The records below must be transcribed exactly.

BEGIN PROVIDED ENTRIES

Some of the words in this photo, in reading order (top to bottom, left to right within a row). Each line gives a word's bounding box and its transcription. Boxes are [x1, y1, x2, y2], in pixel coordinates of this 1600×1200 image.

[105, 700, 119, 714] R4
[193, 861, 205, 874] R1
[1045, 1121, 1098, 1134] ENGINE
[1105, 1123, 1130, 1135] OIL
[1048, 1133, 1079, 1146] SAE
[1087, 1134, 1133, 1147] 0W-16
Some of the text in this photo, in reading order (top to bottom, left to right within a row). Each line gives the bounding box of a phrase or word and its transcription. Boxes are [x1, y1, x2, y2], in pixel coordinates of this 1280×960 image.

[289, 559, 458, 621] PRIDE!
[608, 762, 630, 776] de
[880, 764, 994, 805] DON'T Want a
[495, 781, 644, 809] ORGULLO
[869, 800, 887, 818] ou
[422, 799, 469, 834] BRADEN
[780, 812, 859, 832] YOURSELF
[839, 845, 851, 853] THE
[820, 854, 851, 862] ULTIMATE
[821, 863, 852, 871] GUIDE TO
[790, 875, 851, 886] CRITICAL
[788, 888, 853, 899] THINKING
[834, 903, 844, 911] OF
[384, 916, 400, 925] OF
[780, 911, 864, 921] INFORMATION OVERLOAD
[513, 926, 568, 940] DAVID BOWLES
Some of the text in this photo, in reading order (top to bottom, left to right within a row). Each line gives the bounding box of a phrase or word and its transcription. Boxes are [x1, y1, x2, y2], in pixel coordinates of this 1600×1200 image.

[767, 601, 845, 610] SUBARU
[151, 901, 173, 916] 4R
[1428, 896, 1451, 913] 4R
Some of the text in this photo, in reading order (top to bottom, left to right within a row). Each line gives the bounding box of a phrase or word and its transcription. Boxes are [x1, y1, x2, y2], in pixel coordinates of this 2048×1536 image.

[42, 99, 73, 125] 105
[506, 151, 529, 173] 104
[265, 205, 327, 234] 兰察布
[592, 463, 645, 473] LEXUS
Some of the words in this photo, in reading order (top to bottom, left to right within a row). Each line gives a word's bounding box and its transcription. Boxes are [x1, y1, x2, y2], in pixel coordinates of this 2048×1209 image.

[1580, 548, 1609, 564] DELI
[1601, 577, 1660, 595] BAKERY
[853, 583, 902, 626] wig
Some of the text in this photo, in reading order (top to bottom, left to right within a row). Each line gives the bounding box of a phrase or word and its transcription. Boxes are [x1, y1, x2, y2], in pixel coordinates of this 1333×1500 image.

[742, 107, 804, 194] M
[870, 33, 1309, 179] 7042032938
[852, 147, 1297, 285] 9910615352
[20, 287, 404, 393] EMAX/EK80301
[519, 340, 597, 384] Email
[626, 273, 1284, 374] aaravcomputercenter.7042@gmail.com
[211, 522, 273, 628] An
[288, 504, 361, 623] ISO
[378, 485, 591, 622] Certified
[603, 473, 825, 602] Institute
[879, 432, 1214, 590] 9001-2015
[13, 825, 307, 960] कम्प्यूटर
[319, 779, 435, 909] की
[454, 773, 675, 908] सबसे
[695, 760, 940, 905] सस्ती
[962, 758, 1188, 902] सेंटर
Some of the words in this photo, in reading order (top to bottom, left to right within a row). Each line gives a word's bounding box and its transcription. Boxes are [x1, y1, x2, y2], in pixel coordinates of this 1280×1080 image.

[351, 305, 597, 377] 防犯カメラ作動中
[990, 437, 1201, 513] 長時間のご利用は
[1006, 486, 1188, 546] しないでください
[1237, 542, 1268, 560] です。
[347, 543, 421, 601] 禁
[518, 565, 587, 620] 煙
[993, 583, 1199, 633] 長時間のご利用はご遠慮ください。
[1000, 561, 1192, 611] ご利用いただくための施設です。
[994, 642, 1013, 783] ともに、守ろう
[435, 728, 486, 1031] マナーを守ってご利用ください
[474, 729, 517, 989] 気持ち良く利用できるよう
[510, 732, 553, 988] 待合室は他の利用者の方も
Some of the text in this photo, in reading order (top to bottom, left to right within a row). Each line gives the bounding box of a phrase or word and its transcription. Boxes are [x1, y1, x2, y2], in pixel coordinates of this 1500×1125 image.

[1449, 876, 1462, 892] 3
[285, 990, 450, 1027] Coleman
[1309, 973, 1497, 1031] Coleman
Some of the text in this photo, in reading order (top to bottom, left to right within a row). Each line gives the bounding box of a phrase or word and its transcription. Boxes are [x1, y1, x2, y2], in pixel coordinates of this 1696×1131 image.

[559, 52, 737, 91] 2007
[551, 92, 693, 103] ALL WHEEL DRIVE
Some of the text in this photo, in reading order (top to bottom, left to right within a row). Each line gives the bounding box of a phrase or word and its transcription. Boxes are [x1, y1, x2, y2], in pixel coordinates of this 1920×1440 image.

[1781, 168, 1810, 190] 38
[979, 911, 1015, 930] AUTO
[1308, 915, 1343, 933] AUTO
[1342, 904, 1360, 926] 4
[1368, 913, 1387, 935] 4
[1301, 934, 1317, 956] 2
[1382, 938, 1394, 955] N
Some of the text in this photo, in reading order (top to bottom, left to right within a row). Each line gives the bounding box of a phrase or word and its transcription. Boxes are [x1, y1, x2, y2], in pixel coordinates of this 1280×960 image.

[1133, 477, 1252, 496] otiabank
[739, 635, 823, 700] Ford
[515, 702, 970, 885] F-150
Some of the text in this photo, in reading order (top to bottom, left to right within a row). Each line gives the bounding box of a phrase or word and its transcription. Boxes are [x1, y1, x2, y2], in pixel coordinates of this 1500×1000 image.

END PROVIDED ENTRIES

> _PROBLEM SOLUTION_:
Some of the words in this photo, in reading order (top to bottom, left to right within a row). Each line gives a word's bounding box and its transcription. Boxes are [x1, y1, x2, y2], in pixel coordinates of this 1600×1200 image.

[105, 700, 119, 714] R4
[193, 861, 205, 874] R1
[1045, 1121, 1098, 1134] ENGINE
[1105, 1123, 1130, 1135] OIL
[1048, 1133, 1079, 1146] SAE
[1087, 1134, 1133, 1147] 0W-16
Some of the text in this photo, in reading order (top to bottom, left to right within a row). Each line gives the bounding box of a phrase or word and its transcription. Boxes are [x1, y1, x2, y2], in pixel coordinates of this 1280×960 image.

[289, 559, 458, 621] PRIDE!
[608, 762, 630, 776] de
[880, 764, 994, 805] DON'T Want a
[495, 781, 644, 809] ORGULLO
[869, 800, 887, 818] ou
[422, 799, 469, 834] BRADEN
[780, 812, 859, 832] YOURSELF
[839, 845, 851, 853] THE
[820, 854, 851, 862] ULTIMATE
[821, 863, 852, 871] GUIDE TO
[790, 875, 851, 886] CRITICAL
[788, 888, 853, 899] THINKING
[834, 903, 844, 911] OF
[384, 916, 400, 925] OF
[780, 911, 864, 921] INFORMATION OVERLOAD
[513, 926, 568, 940] DAVID BOWLES
Some of the text in this photo, in reading order (top to bottom, left to right within a row). Each line gives the bounding box of a phrase or word and its transcription. Boxes are [x1, y1, x2, y2], in pixel coordinates of this 1600×1200 image.

[767, 601, 845, 610] SUBARU
[151, 901, 173, 916] 4R
[1428, 896, 1451, 913] 4R
Some of the text in this photo, in reading order (top to bottom, left to right within a row). Each line gives the bounding box of a phrase or word and its transcription. Boxes are [x1, y1, x2, y2], in pixel coordinates of this 2048×1536 image.

[42, 99, 73, 125] 105
[506, 151, 529, 173] 104
[265, 205, 327, 234] 兰察布
[592, 463, 645, 473] LEXUS
Some of the words in this photo, in reading order (top to bottom, left to right within a row). Each line gives a word's bounding box and its transcription. Boxes are [x1, y1, x2, y2], in pixel coordinates of this 2048×1209 image.

[1580, 548, 1609, 564] DELI
[1601, 577, 1660, 595] BAKERY
[853, 583, 902, 626] wig
Some of the text in this photo, in reading order (top to bottom, left to right within a row). Each line gives the bounding box of a phrase or word and its transcription. Boxes are [x1, y1, x2, y2], in pixel coordinates of this 1333×1500 image.

[742, 107, 804, 194] M
[870, 33, 1309, 179] 7042032938
[852, 147, 1297, 285] 9910615352
[20, 287, 404, 393] EMAX/EK80301
[519, 340, 597, 384] Email
[626, 273, 1284, 374] aaravcomputercenter.7042@gmail.com
[211, 522, 273, 628] An
[288, 504, 361, 623] ISO
[378, 485, 591, 622] Certified
[603, 473, 825, 602] Institute
[879, 432, 1214, 590] 9001-2015
[13, 825, 307, 960] कम्प्यूटर
[319, 779, 435, 909] की
[454, 773, 675, 908] सबसे
[695, 760, 940, 905] सस्ती
[962, 758, 1188, 902] सेंटर
Some of the words in this photo, in reading order (top to bottom, left to right within a row). Each line gives a word's bounding box and its transcription. Boxes are [x1, y1, x2, y2], in pixel coordinates of this 1280×1080 image.

[351, 305, 597, 377] 防犯カメラ作動中
[990, 437, 1201, 513] 長時間のご利用は
[1006, 486, 1188, 546] しないでください
[1237, 542, 1268, 560] です。
[347, 543, 421, 601] 禁
[518, 565, 587, 620] 煙
[993, 583, 1199, 633] 長時間のご利用はご遠慮ください。
[1000, 561, 1192, 611] ご利用いただくための施設です。
[994, 642, 1013, 783] ともに、守ろう
[435, 728, 486, 1031] マナーを守ってご利用ください
[474, 729, 517, 989] 気持ち良く利用できるよう
[510, 732, 553, 988] 待合室は他の利用者の方も
Some of the text in this photo, in reading order (top to bottom, left to right within a row). Each line gives the bounding box of a phrase or word and its transcription. Boxes are [x1, y1, x2, y2], in pixel coordinates of this 1500×1125 image.

[1449, 876, 1462, 892] 3
[285, 990, 450, 1027] Coleman
[1309, 973, 1497, 1031] Coleman
Some of the text in this photo, in reading order (top to bottom, left to right within a row). Each line gives the bounding box of a phrase or word and its transcription. Boxes are [x1, y1, x2, y2], in pixel coordinates of this 1696×1131 image.

[559, 52, 737, 91] 2007
[551, 92, 693, 103] ALL WHEEL DRIVE
Some of the text in this photo, in reading order (top to bottom, left to right within a row). Each line gives the bounding box of a phrase or word and its transcription. Boxes are [x1, y1, x2, y2], in pixel coordinates of this 1920×1440 image.

[1781, 168, 1810, 190] 38
[979, 911, 1015, 930] AUTO
[1308, 915, 1343, 933] AUTO
[1342, 904, 1360, 926] 4
[1368, 913, 1387, 935] 4
[1301, 934, 1317, 956] 2
[1382, 938, 1394, 955] N
Some of the text in this photo, in reading order (top to bottom, left to right within a row). Each line gives the bounding box of a phrase or word and its transcription. Boxes are [x1, y1, x2, y2], in pixel coordinates of this 1280×960 image.

[1133, 477, 1252, 496] otiabank
[739, 635, 823, 700] Ford
[515, 702, 970, 885] F-150
Some of the text in this photo, in reading order (top to bottom, left to right within a row). Each line gives the bounding box of a phrase or word and its transcription. Boxes are [x1, y1, x2, y2], in pixel coordinates of this 1500×1000 image.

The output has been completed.